Why The Contradictions Of XXXTentacion Are 'Difficult To Square'
On Monday, June 18, rapper XXXTentacion was shot and killed in Florida. The fallout from his death has been complicated given the rapper's dark past. In 2016, he was charged with aggravated assault and battery and false imprisonment of a pregnant victim. But in the span of time from then until the present, he had amassed a fan base of millions online with his music.
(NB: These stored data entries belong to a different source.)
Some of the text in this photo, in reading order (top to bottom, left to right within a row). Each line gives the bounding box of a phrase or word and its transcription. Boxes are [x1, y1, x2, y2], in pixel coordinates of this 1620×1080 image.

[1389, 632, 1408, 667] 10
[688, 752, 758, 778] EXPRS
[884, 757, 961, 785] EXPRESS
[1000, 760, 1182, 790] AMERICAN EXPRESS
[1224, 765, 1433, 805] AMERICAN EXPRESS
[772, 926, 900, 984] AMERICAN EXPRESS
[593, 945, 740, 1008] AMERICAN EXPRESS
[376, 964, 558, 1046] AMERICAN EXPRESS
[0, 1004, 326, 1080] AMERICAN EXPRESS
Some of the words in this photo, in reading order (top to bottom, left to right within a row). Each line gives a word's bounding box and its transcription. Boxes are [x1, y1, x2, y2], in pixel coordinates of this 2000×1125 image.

With the release of two albums, XXXTentacion became known as one of the most prominent rappers of the Internet age, and his 2018 song "SAD!" broke the single-day streaming record on Spotify a day after his death.
Music critics often mark the death of major artists by evaluating their public and private selves, but this artist has sparked some unusually conflicted reflections.
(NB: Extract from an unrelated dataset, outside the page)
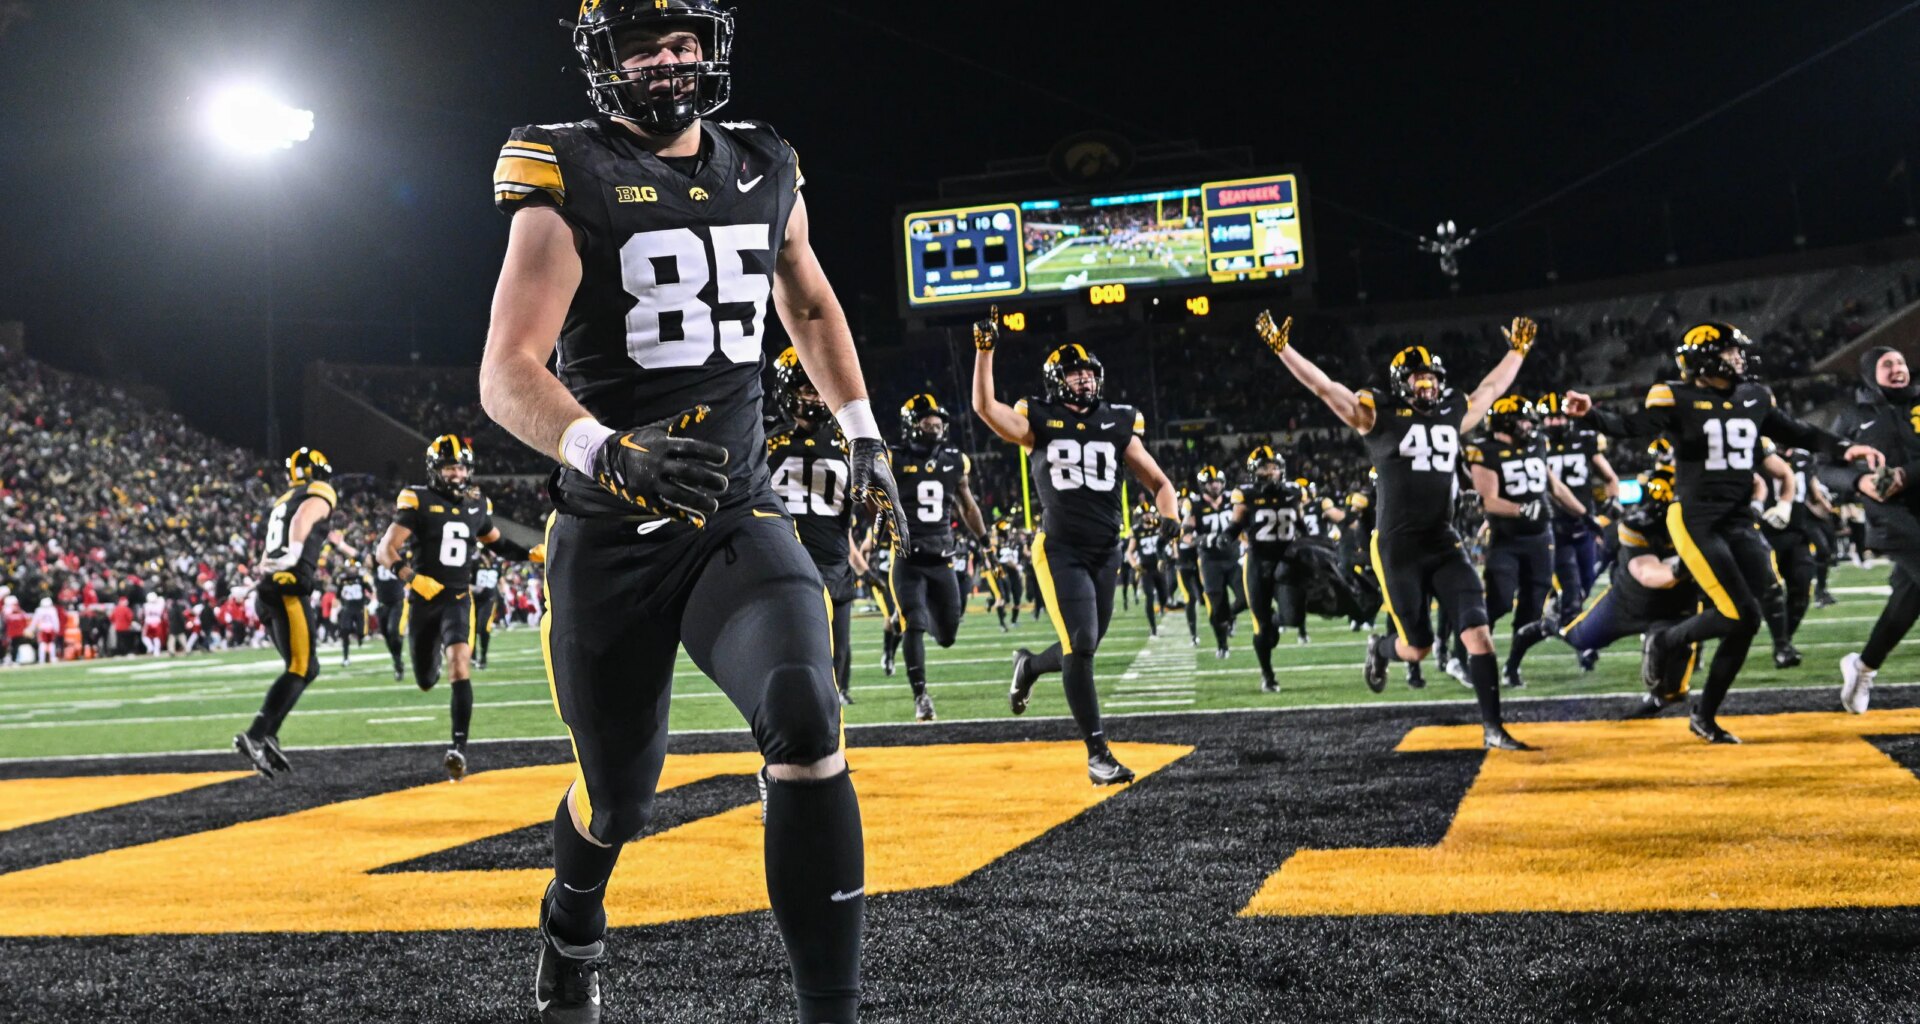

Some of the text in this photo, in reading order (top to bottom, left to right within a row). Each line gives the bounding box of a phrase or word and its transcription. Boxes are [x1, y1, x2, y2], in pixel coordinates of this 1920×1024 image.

Lindsay Zoladz, music critic for The Ringer, explains that it was this union of artistic vulnerability and infectious melody and production that resonated with so many young fans. "There's a real pop sensibility," Zoladz says. "He had a sense of melody that was a way to package these darker themes he was exploring in a way that would stick in your head."
But what's dividing many people in the wake of the rapper's violent death is how his personal life contradicts his message to his fans.
"There's a message of positivity and a message of talking about feelings and depression and anxiety that almost feels like a harbinger of new type of masculinity in hip-hop," Zoladz says. "But then, at the same time, I think that's what made the violent behavior in his personal life that much more disappointing and that much more striking because for someone to be so in touch with talking through emotions on the one side but acting out a classically violent, patriarchal, misogynistic worldview, I think that's the part that's difficult to square."
Zoladz notes that XXXTentacion was an artist of his moment in every way, but, like many others, she has not yet found a way to reconcile his legacy in hip-hop given the accusations against him.
"We're reckoning with the connection between art and artist in a way that we have not done as thoroughly before and I think, obviously, the #MeToo movement and the social moment that we're living through has a lot to do with that," she says. "So at this moment in time, it feels really difficult to separate the behavior from the art, especially when they do feel in conversation with each other in his lyrics."